<<<<

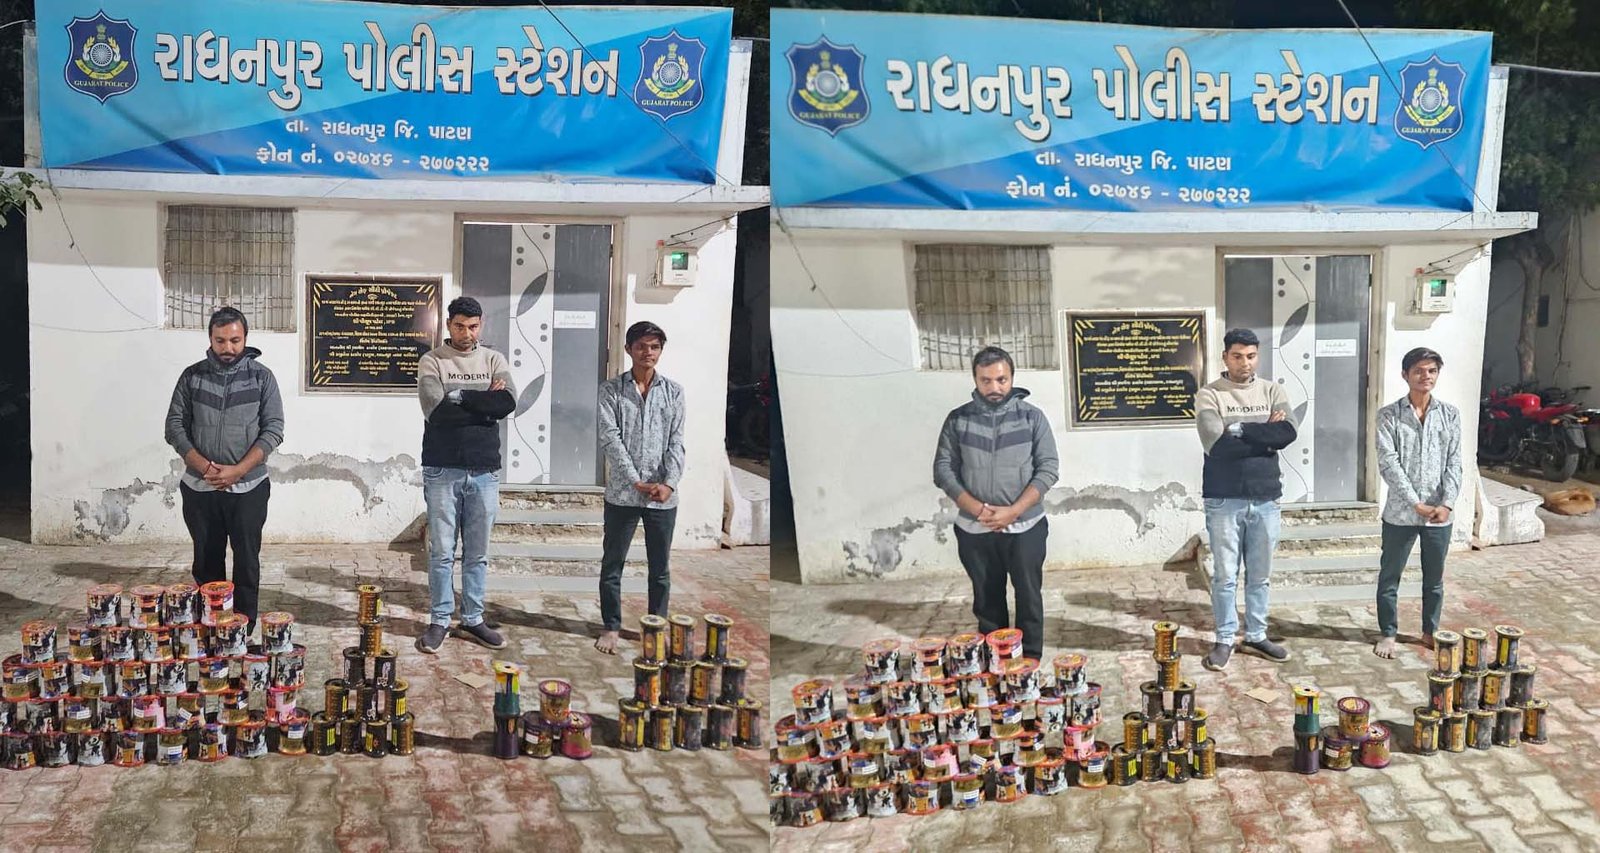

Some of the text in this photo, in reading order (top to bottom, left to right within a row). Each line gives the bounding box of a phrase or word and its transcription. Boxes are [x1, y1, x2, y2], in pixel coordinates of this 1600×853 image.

[154, 21, 619, 111] રાધનપુર પોલીસ સ્ટેશન
[670, 99, 694, 107] POLICE
[886, 45, 1380, 142] રાધનપુર પોલીસ સ્ટેશન
[800, 111, 833, 119] GUJARAT
[285, 120, 472, 142] તા. રાધનપુર જિ. પાટણ
[256, 141, 292, 164] ફોન
[301, 143, 322, 164] નં.
[333, 150, 393, 167] ૦૨૭૪૬
[420, 154, 489, 172] ૨૭૭૨૨૨
[1035, 150, 1231, 175] તા. રાધનપુર જિ. પાટણ
[1006, 175, 1045, 199] ફોન
[1054, 176, 1077, 198] નં.
[1089, 183, 1151, 200] ૦૨૭૪૬
[1178, 186, 1251, 204] ૨૭૭૨૨૨
[448, 372, 490, 380] MODERN
[1227, 404, 1269, 413] MODERN

>>>>

Activity -
Would you print the listing above in full, exactly, but with no pictures?

Answer to the exercise -
Some of the text in this photo, in reading order (top to bottom, left to right within a row). Each line gives the bounding box of a phrase or word and its transcription. Boxes are [x1, y1, x2, y2], in pixel coordinates of this 1600×853 image.

[154, 21, 619, 111] રાધનપુર પોલીસ સ્ટેશન
[670, 99, 694, 107] POLICE
[886, 45, 1380, 142] રાધનપુર પોલીસ સ્ટેશન
[800, 111, 833, 119] GUJARAT
[285, 120, 472, 142] તા. રાધનપુર જિ. પાટણ
[256, 141, 292, 164] ફોન
[301, 143, 322, 164] નં.
[333, 150, 393, 167] ૦૨૭૪૬
[420, 154, 489, 172] ૨૭૭૨૨૨
[1035, 150, 1231, 175] તા. રાધનપુર જિ. પાટણ
[1006, 175, 1045, 199] ફોન
[1054, 176, 1077, 198] નં.
[1089, 183, 1151, 200] ૦૨૭૪૬
[1178, 186, 1251, 204] ૨૭૭૨૨૨
[448, 372, 490, 380] MODERN
[1227, 404, 1269, 413] MODERN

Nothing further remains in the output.